Colin Smith stressed that inclusion of the concept of public-private partnerships is not new to the revised version of the PROS plan that PAC was being asked to consider. It’s been included in previous versions, and it’s also been emphasized that the risks must be balanced with the benefits.
Smith addressed Anglin’s specific complaint about the RFP for Huron Hills golf operations by pointing out that the proposal had been discussed by the city’s golf task force and also by PAC itself. It had been a very public process, Smith said, and feedback from the public had been incorporated into the RFP.
The idea, said Smith, is that the city needs to look at opportunities for public-private partnerships, which is not to say that the city must take every one of those opportunities.
Commission chair Julie Grand also took exception to Anglin’s description of the Huron Hills RFP process, saying that she’d been present on the golf task force representing PAC for the RFP discussions, and had represented PAC at the interview with Miles of Golf, a local business that had responded to the RFP. She concluded that the Huron Hills RFP illustrated well that the city had weighed the risks and the benefits – the city ultimately rejected the Miles of Golf proposal.
Smith then gave various examples of public-private partnerships in the park and recreation system. Bryant Community Center and Leslie Science and Nature Center are operated by independent nonprofits, he said. The city’s recent promotion with Stonyfield Farm yogurt is another example, he said, as well as Zingerman’s products sold at Gallup canoe livery.
Gwen Nystuen said she thought Anglin’s point was important. She’d heard comments that the inclusion of public-private partnerships in the PROS plan made it sound like there was pressure to make money from the parks. Proposals like parking cars at Allmendinger and Frisinger parks on football Saturdays and the Huron Hills RFP were different from smaller, less permanent issues like concessions in the parks. She was concerned that permanent changes be treated differently from more minor decisions. Nystuen felt that PAC should have been more involved in the Huron Hills RFP than they were.

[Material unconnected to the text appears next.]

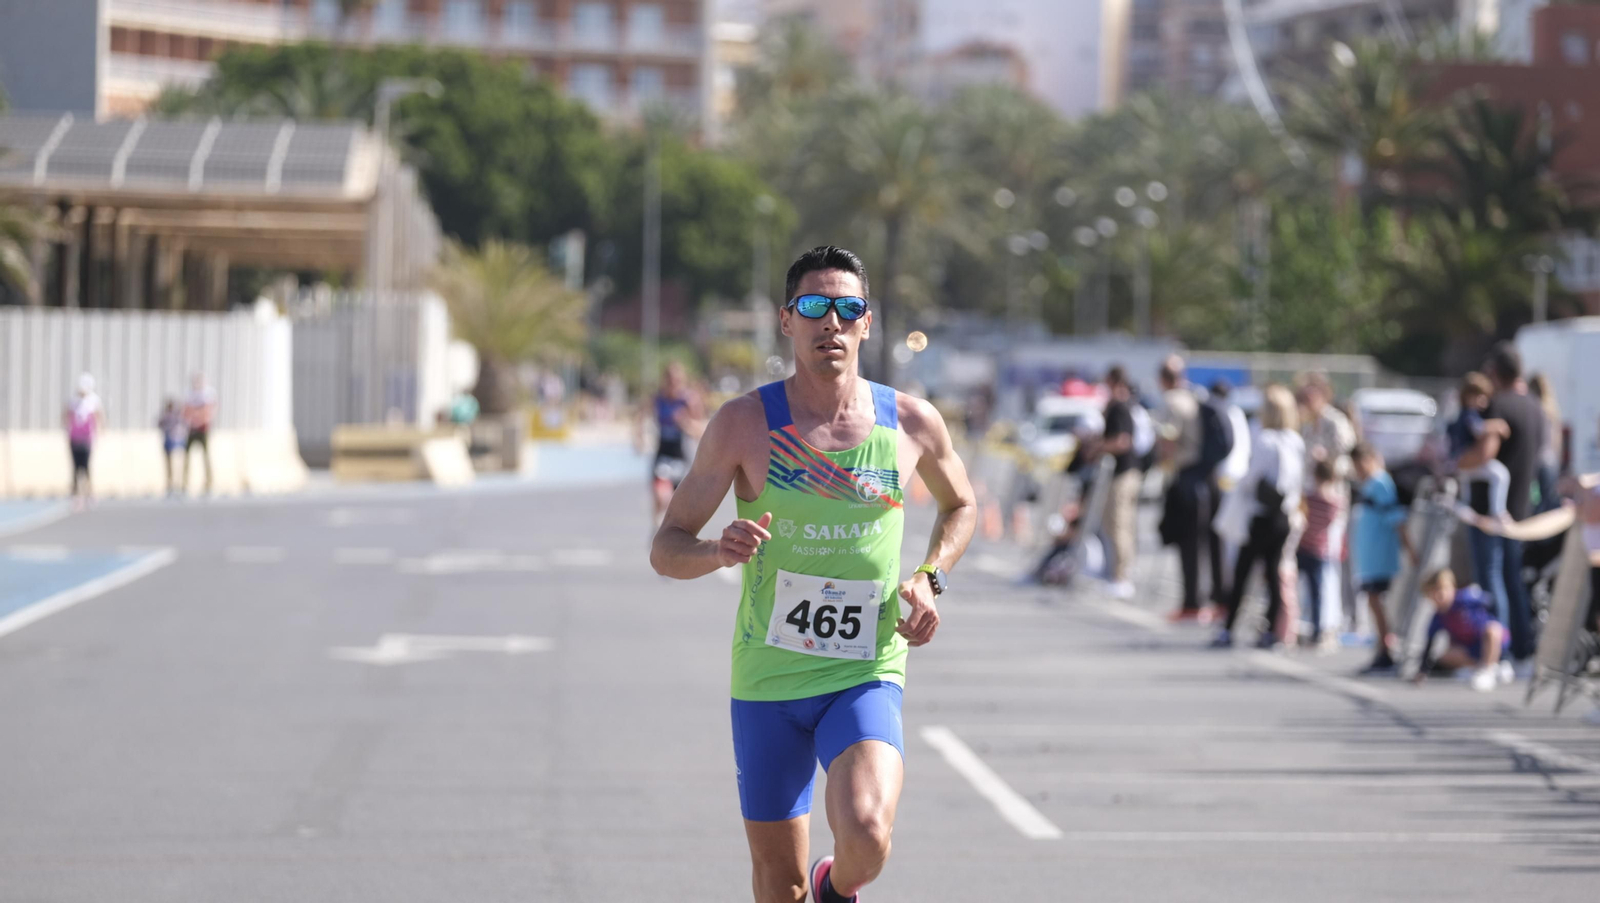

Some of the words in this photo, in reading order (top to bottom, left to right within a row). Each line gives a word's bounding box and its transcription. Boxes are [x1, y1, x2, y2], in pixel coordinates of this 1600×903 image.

[803, 519, 883, 540] SAKATA
[838, 547, 847, 555] in
[849, 543, 872, 555] Seed
[785, 599, 863, 640] 465

Smith responded to Nystuen by saying that the reality of the city’s situation is that it’s in a hard spot. They need to ask the question about whether to have a public-private partnership – even though they might answer, “No.” They need to look under every rock, he concluded.

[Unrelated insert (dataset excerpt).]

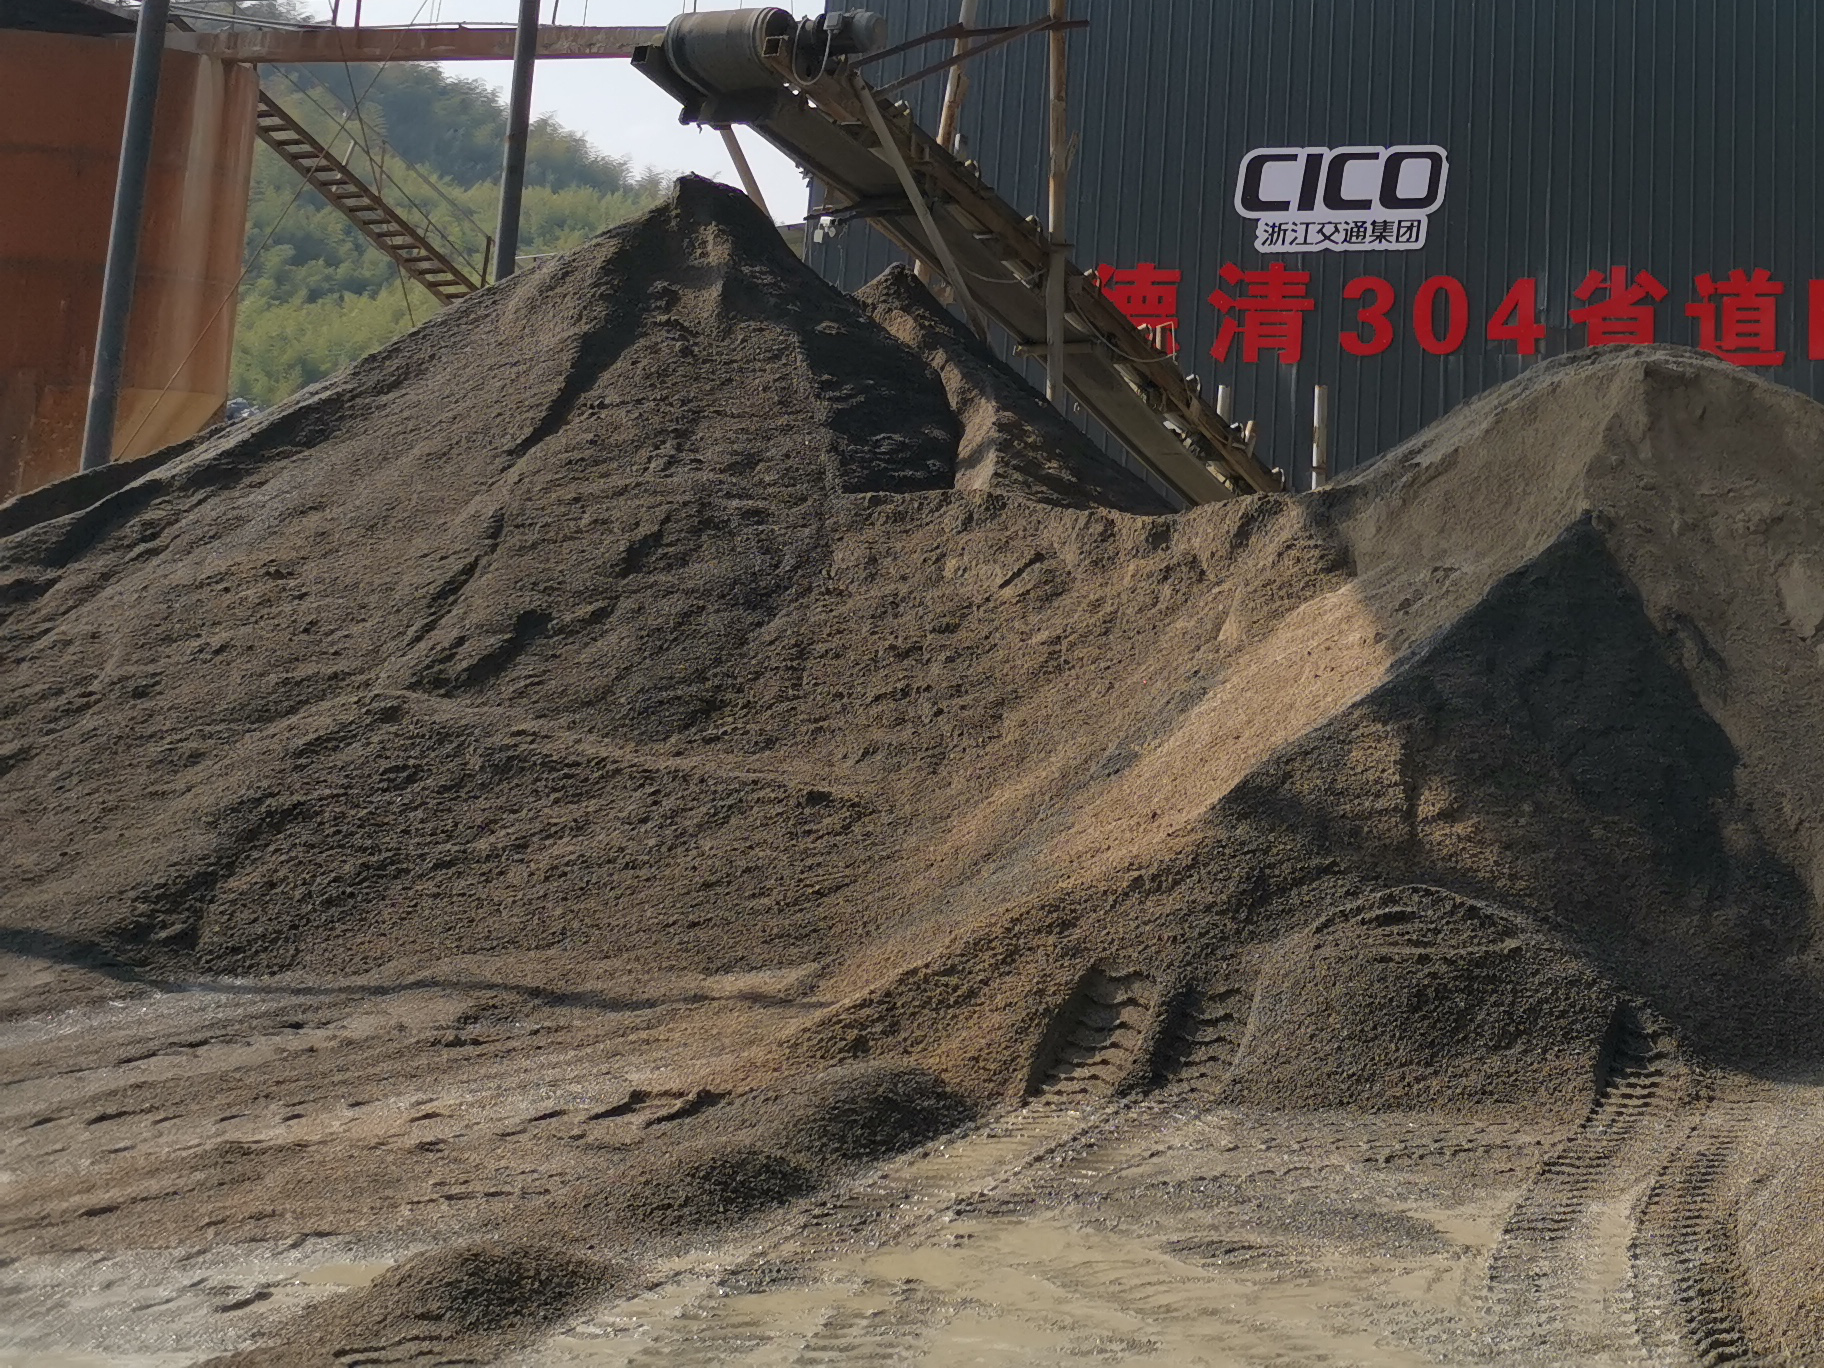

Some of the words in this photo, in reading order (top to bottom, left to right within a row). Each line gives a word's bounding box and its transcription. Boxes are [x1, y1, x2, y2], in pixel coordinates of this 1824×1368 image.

Commissioner Tim Berla gave the city’s farmers market as another example of a public-private partnership. He noted that there had been a lot of upheaval in the community about the Huron Hills proposal, but in the end, nothing happened. It’s always important to weigh whether a proposal is good for the community or rather is simply good for some business. That could be done, he felt, without trying to impose a lot of rules for how public-private partnerships had to operate. The important thing is to make sure everything in the decision-making process is transparent, he said. He said the Huron Hills proposal showed that they’re doing a good job of that.
The discussion on the PROS plan concluded with a clarification from Smith, in response to some questions from Nystuen, about some budget information included in the plan. Administrative costs are not included in the costs of operating individual facilities, he explained.
Outcome: The park advisory commission voted unanimously to recommend adoption of the PROS plan.
Golf Course Fees
Before the commission was a recommendation to raise certain fees at the city’s golf courses. Power golf cart rentals for 9 holes at Leslie Park and Huron Hills would increase from $7 to $8; for 18 holes, the rental fee would increase from $13 to $14. City staff estimate the increases would generate $25,000 in additional revenue per season.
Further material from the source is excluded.